Quote only the lines that start at the line with "Some of the words" and run to the end of the entries; omit the pictures.

Supplied material.
☆ ☆ ☆ ☆

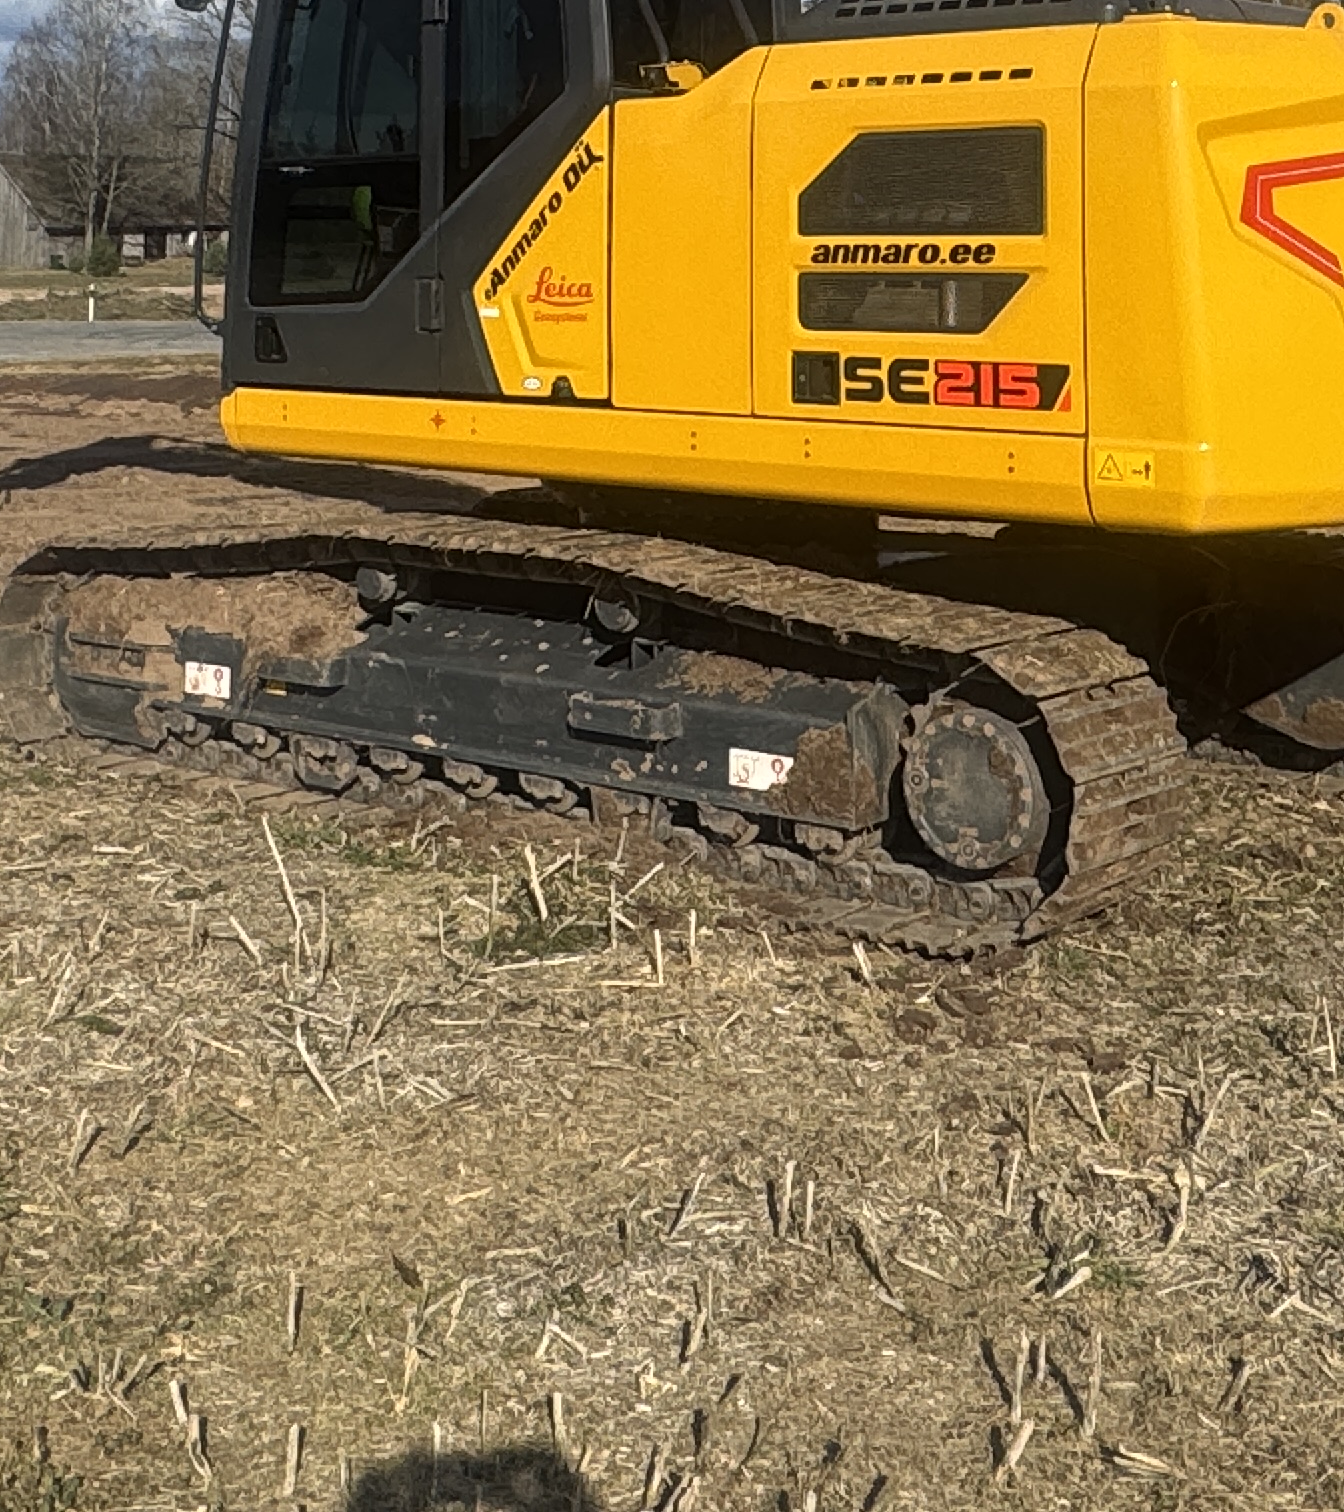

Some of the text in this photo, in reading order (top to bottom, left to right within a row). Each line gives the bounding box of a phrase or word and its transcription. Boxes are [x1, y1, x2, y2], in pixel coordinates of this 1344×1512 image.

[484, 190, 563, 302] Anmaro
[810, 242, 996, 265] anmaro.ee
[526, 265, 595, 308] Leica
[844, 356, 1041, 408] SE215
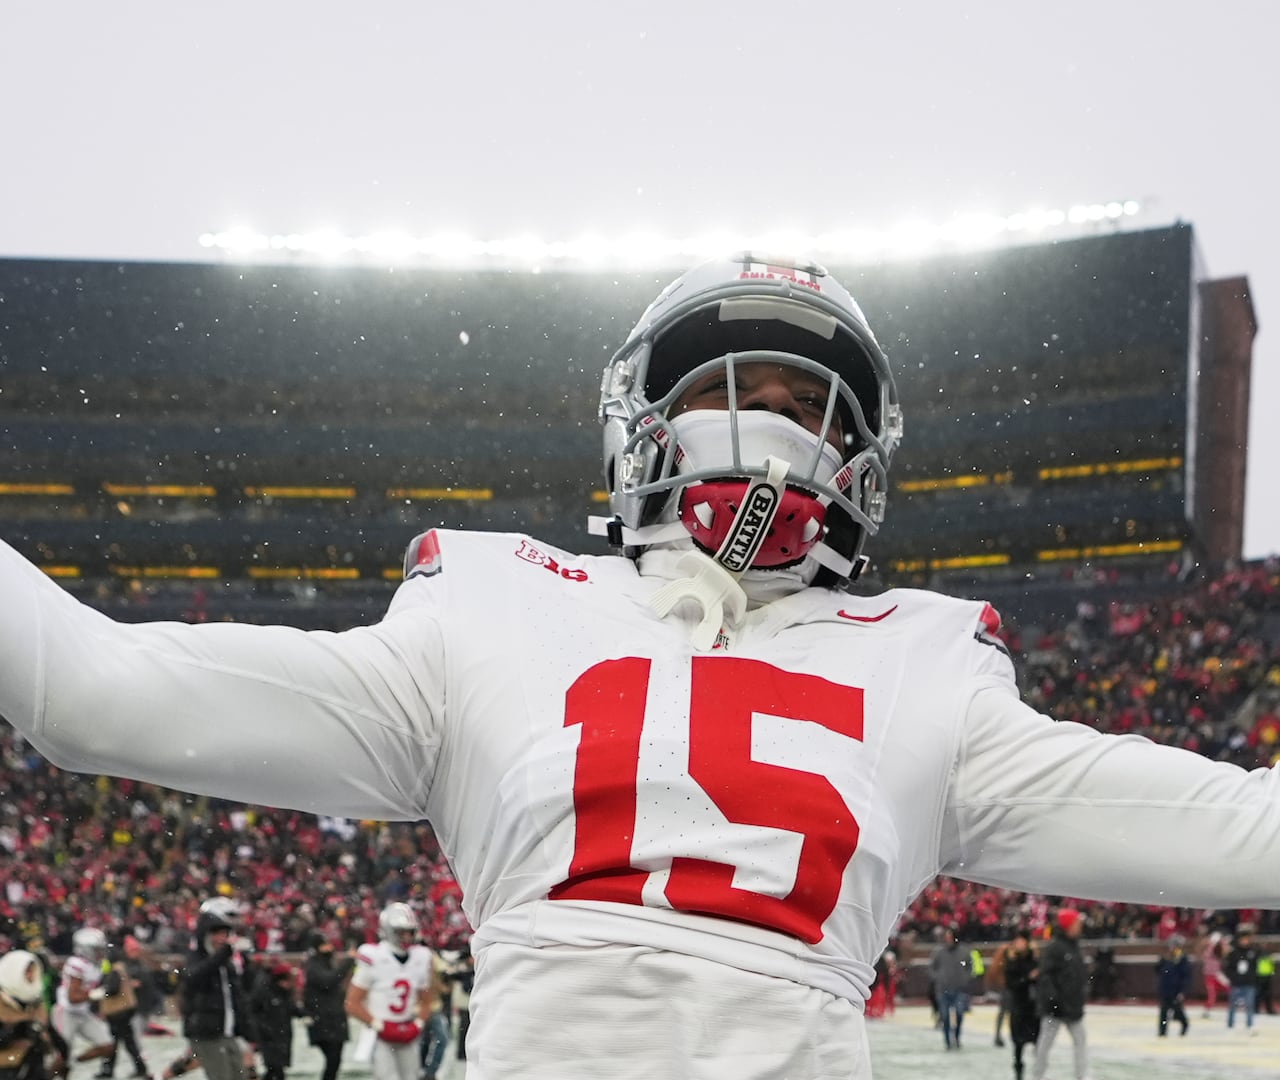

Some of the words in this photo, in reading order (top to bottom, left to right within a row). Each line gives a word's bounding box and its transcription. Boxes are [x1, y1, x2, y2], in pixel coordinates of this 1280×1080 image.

[722, 492, 772, 569] BATTLE
[548, 656, 864, 944] 15
[387, 978, 411, 1015] 3
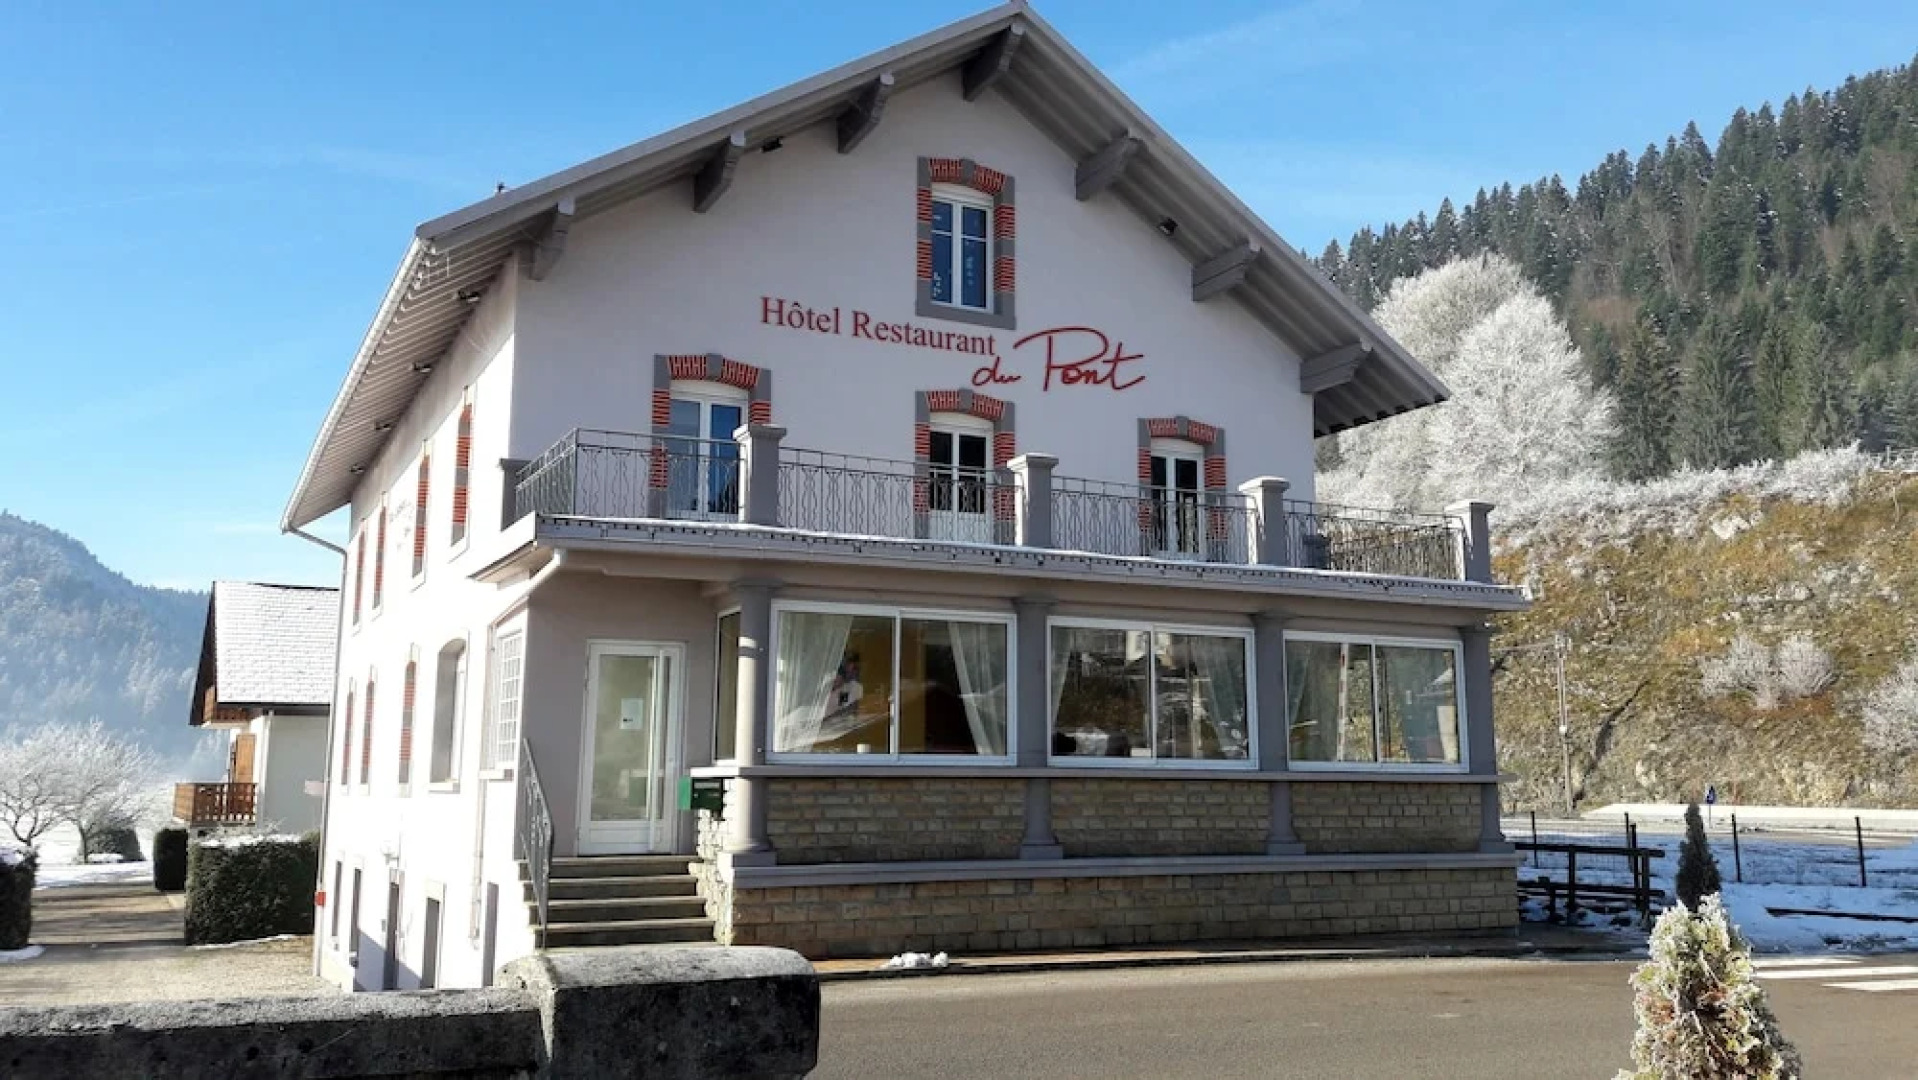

☆ ☆ ☆ ☆

Task result.
Some of the words in this photo, in reading order (top to bottom, left to right within a row). Each line gives a word's bounding box and its transcription. Boxes are [x1, y1, x2, y2], in pixel coordinates of this 1280×1080 image.

[722, 492, 772, 569] BATTLE
[548, 656, 864, 944] 15
[387, 978, 411, 1015] 3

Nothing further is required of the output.